__Problem details__. Could you copy the data that follows exactly as written, but drop the pictures?

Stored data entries
■ ■ ■ ■ ■ ■ ■

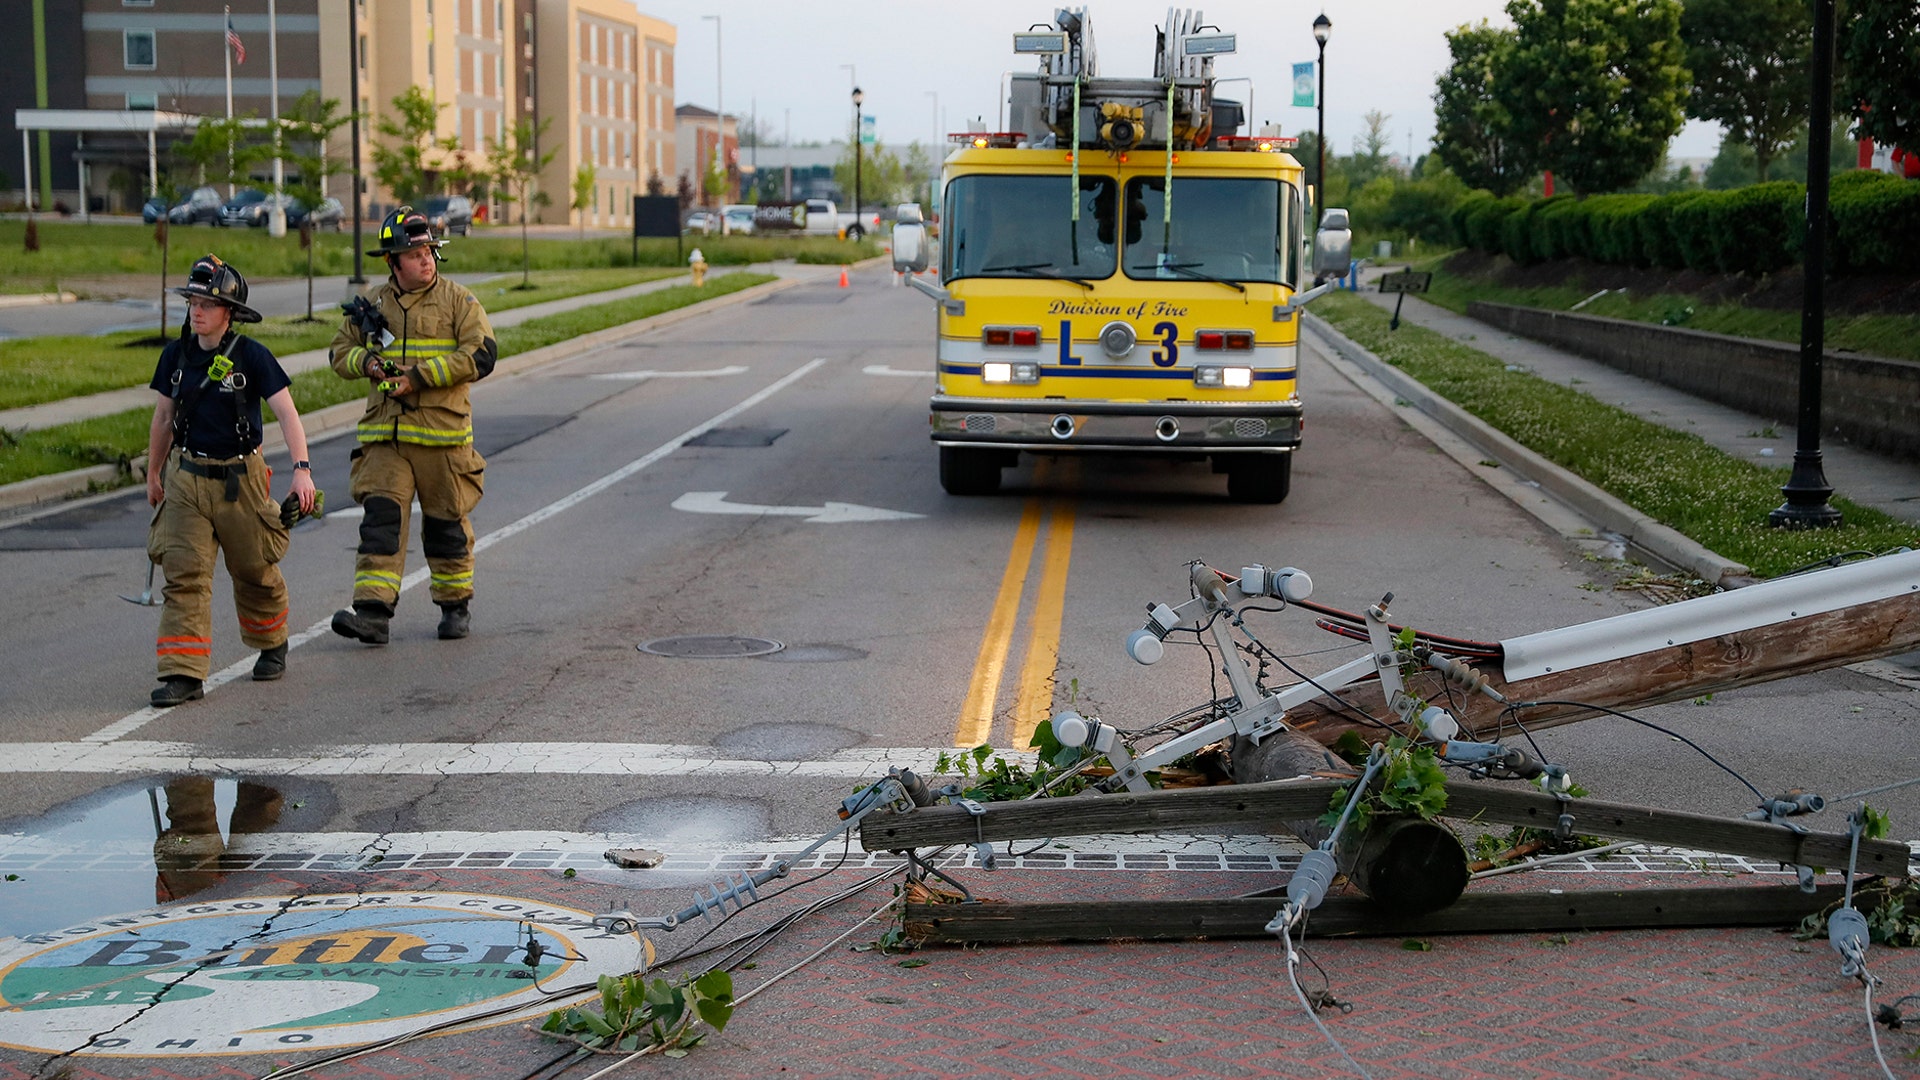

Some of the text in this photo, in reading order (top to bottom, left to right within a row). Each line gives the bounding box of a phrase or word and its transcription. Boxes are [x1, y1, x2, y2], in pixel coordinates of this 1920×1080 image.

[1047, 300, 1189, 321] Division of Fire
[1059, 320, 1179, 368] L 3
[16, 896, 437, 944] MONTGOMERY
[63, 936, 551, 967] Butler
[92, 1033, 314, 1049] OHIO
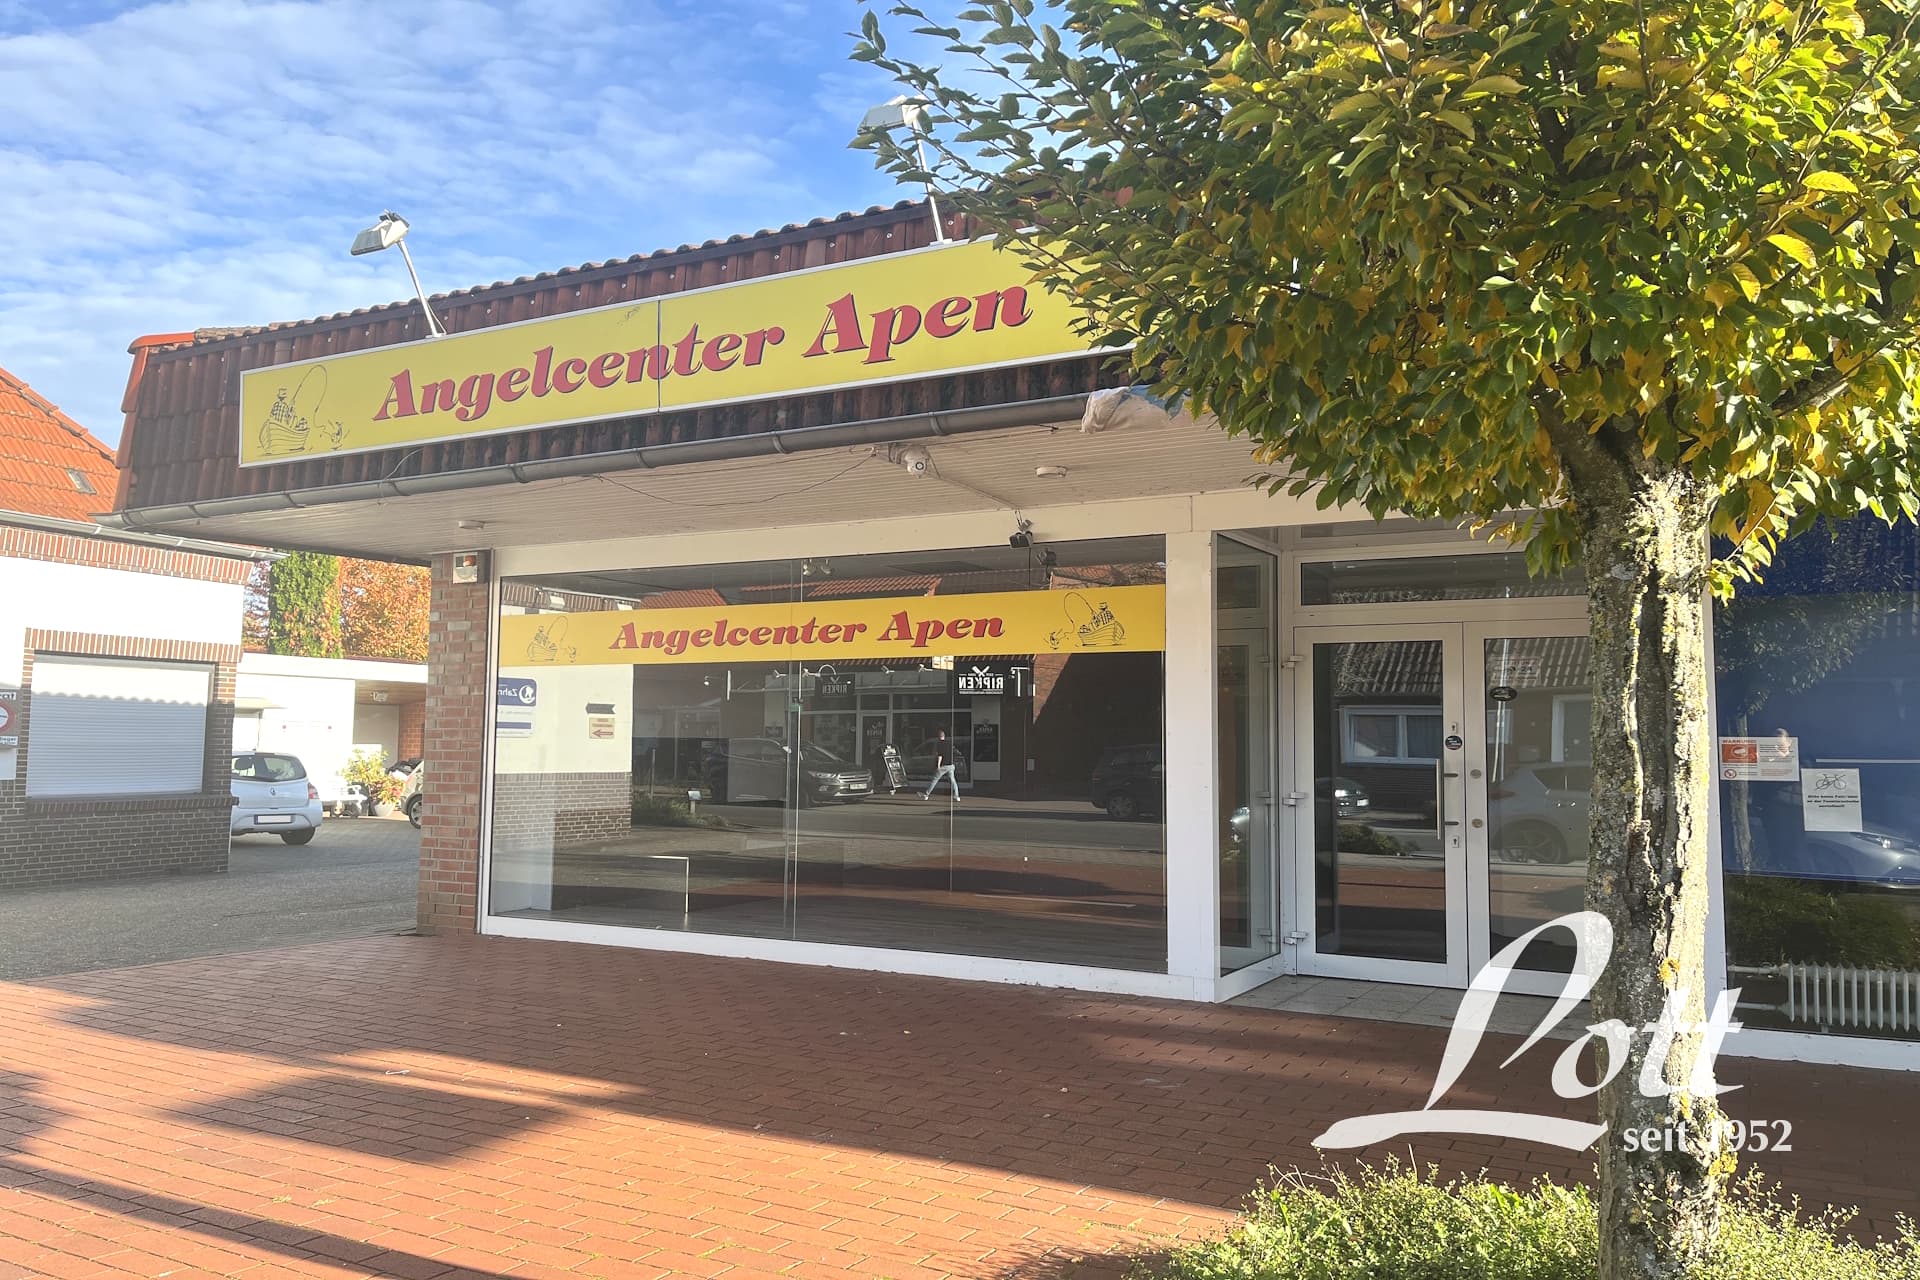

■ ■ ■ ■ ■ ■ ■

__Exercise response__.
Some of the text in this photo, in reading order (top to bottom, left to right within a row). Each line gives the bounding box of a phrase or word and its transcription. Boxes are [x1, y1, x2, y2], in pixel coordinates of this 1920×1080 image.

[1047, 300, 1189, 321] Division of Fire
[1059, 320, 1179, 368] L 3
[16, 896, 437, 944] MONTGOMERY
[63, 936, 551, 967] Butler
[92, 1033, 314, 1049] OHIO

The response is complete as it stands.